*** Begin section ***

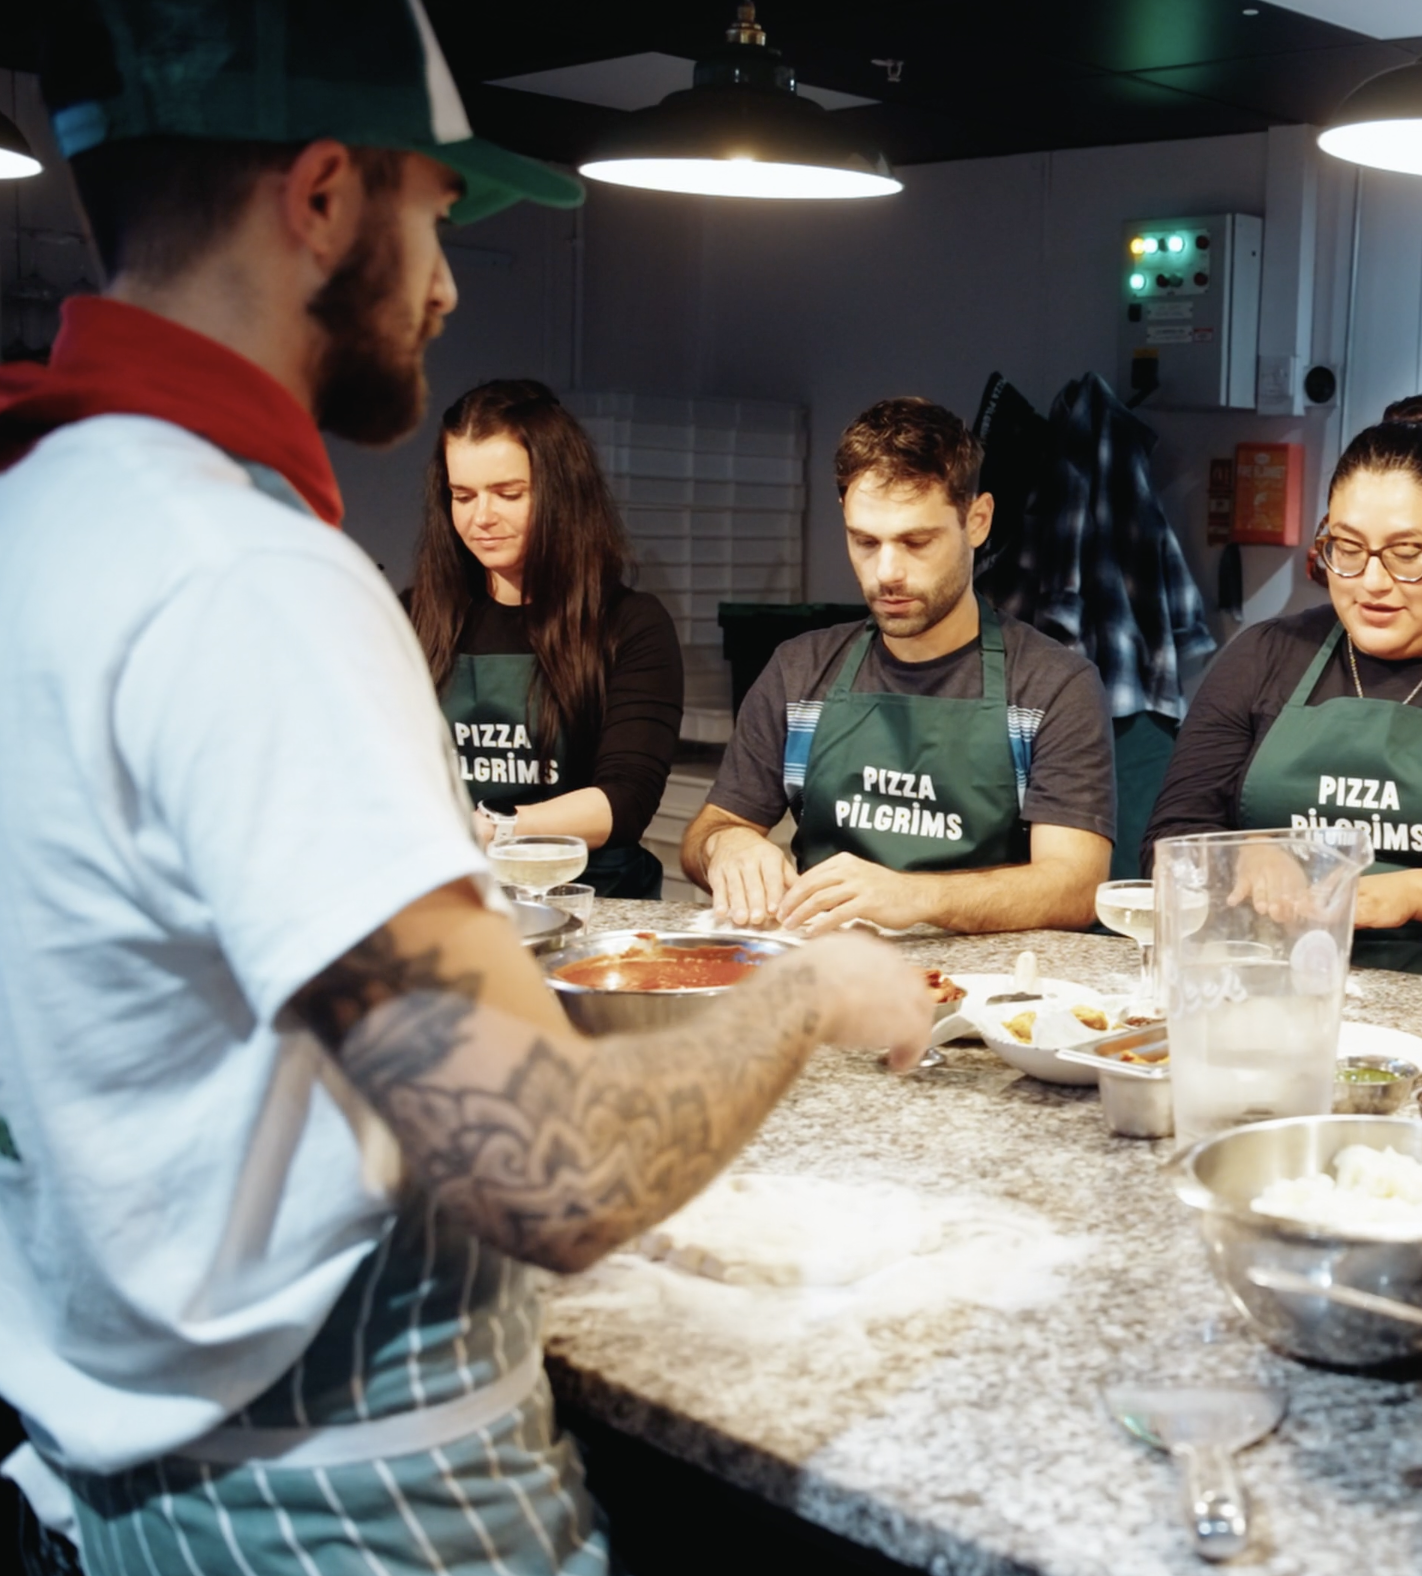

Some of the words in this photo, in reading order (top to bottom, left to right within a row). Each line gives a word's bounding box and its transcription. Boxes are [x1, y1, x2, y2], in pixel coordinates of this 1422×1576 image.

[454, 722, 532, 749] PIZZA
[459, 751, 559, 785] LGRiMS
[863, 765, 937, 801] PIZZA
[1318, 774, 1400, 811] PIZZA
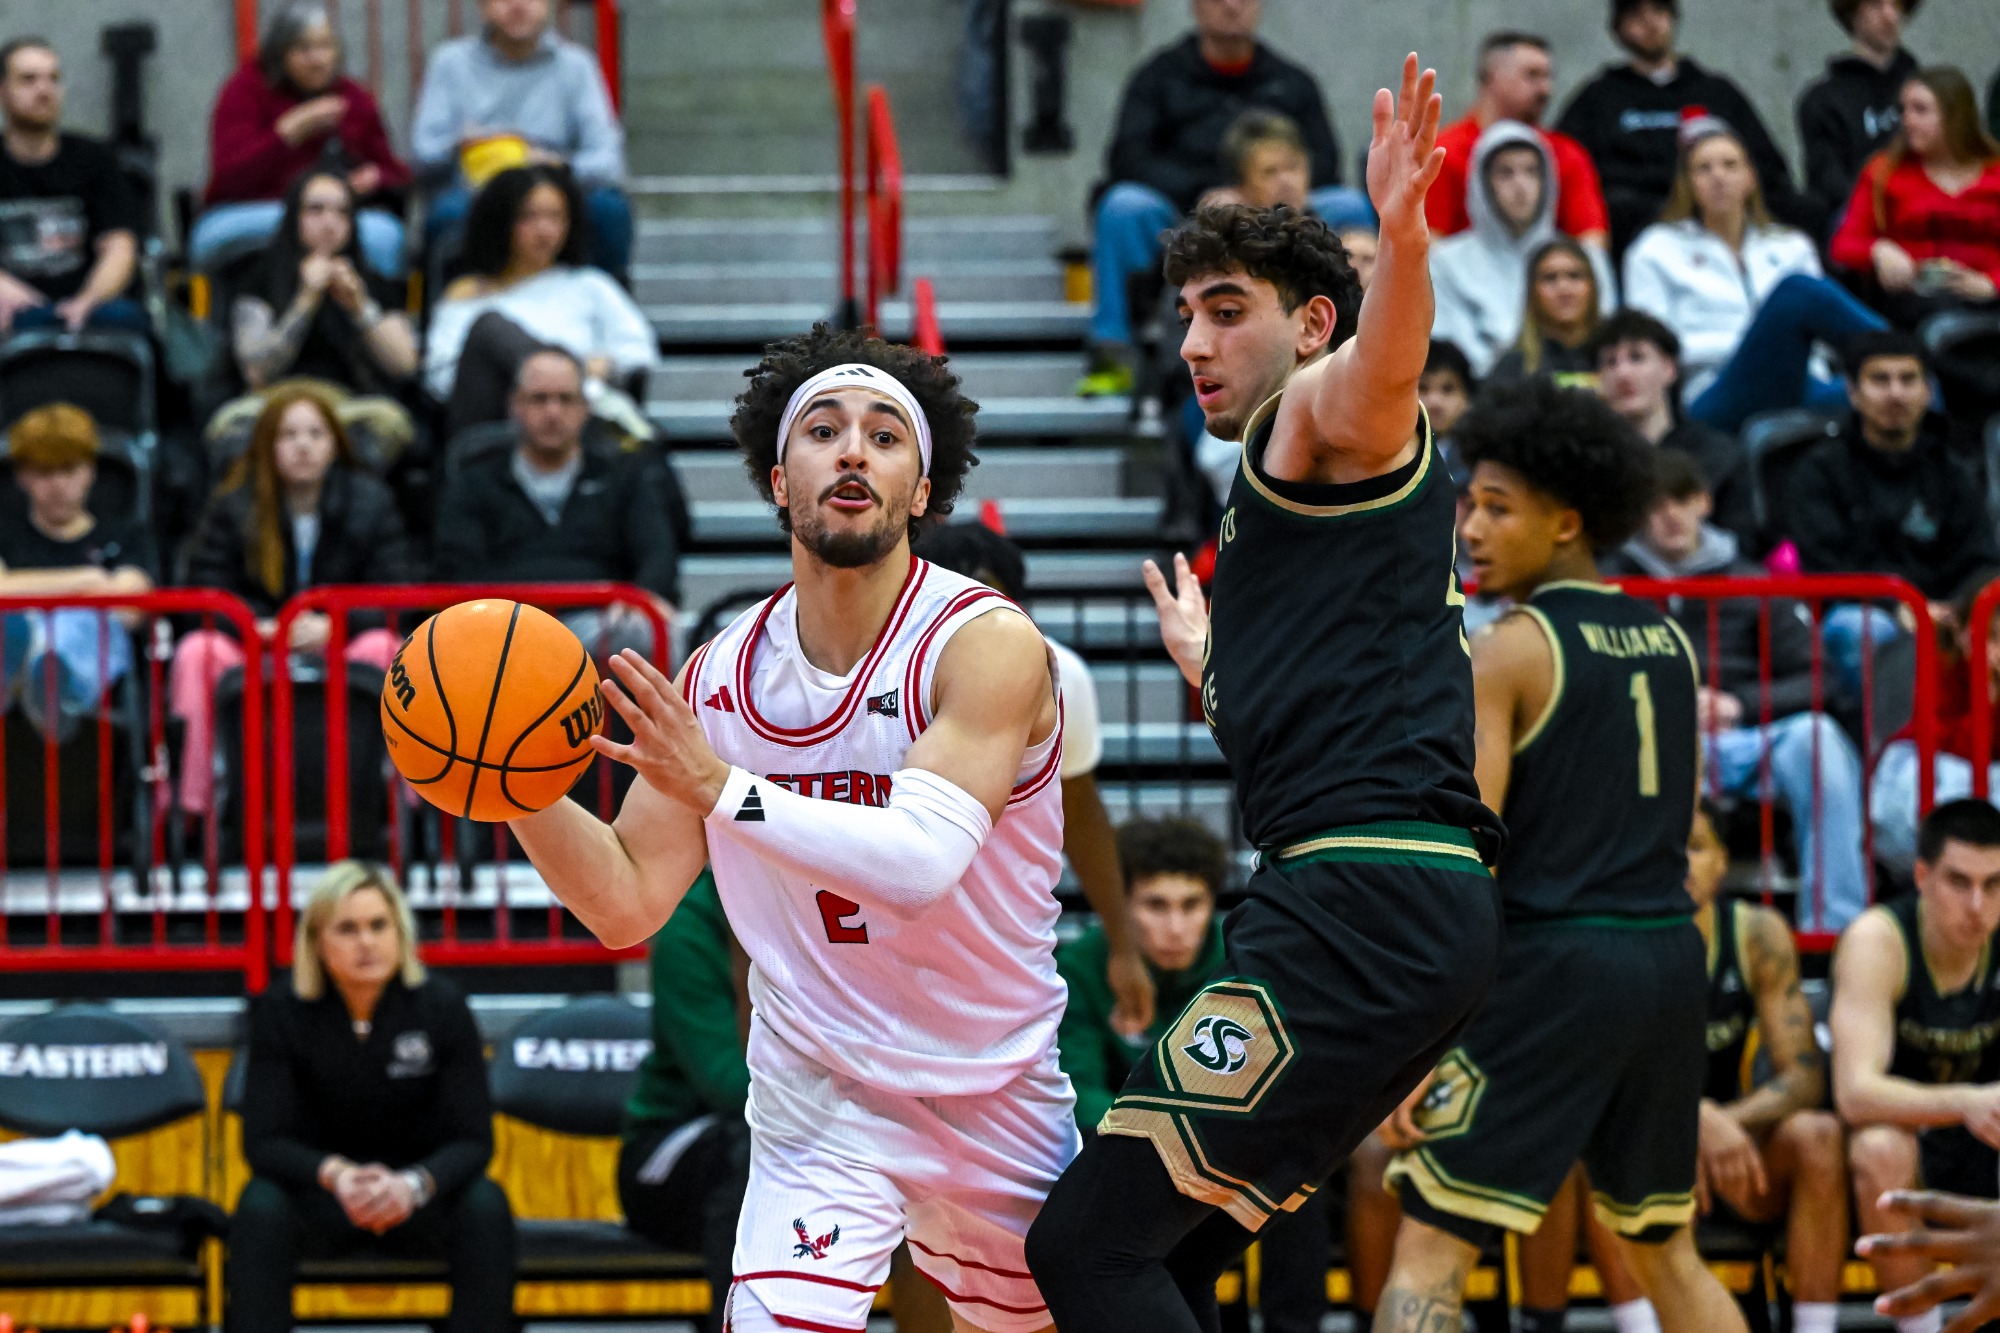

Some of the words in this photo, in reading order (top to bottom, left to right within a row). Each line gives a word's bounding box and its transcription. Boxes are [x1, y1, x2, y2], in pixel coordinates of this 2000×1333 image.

*** End section ***

→ **GOAL OF THE EXERCISE**: Print the material above word for word, and keep the pictures out of it.

→ **WRITTEN SOLUTION**:
Some of the words in this photo, in reading order (top to bottom, left to right within a row). Each line gives a word's bounding box and its transcription. Boxes are [x1, y1, x2, y2], in pixel coordinates of this 1422×1576 image.

[454, 722, 532, 749] PIZZA
[459, 751, 559, 785] LGRiMS
[863, 765, 937, 801] PIZZA
[1318, 774, 1400, 811] PIZZA

Some of the words in this photo, in reading order (top to bottom, left to right within a row). Each line gives a word's bounding box and its transcription. Boxes are [x1, y1, x2, y2], in pixel coordinates of this 2000×1333 image.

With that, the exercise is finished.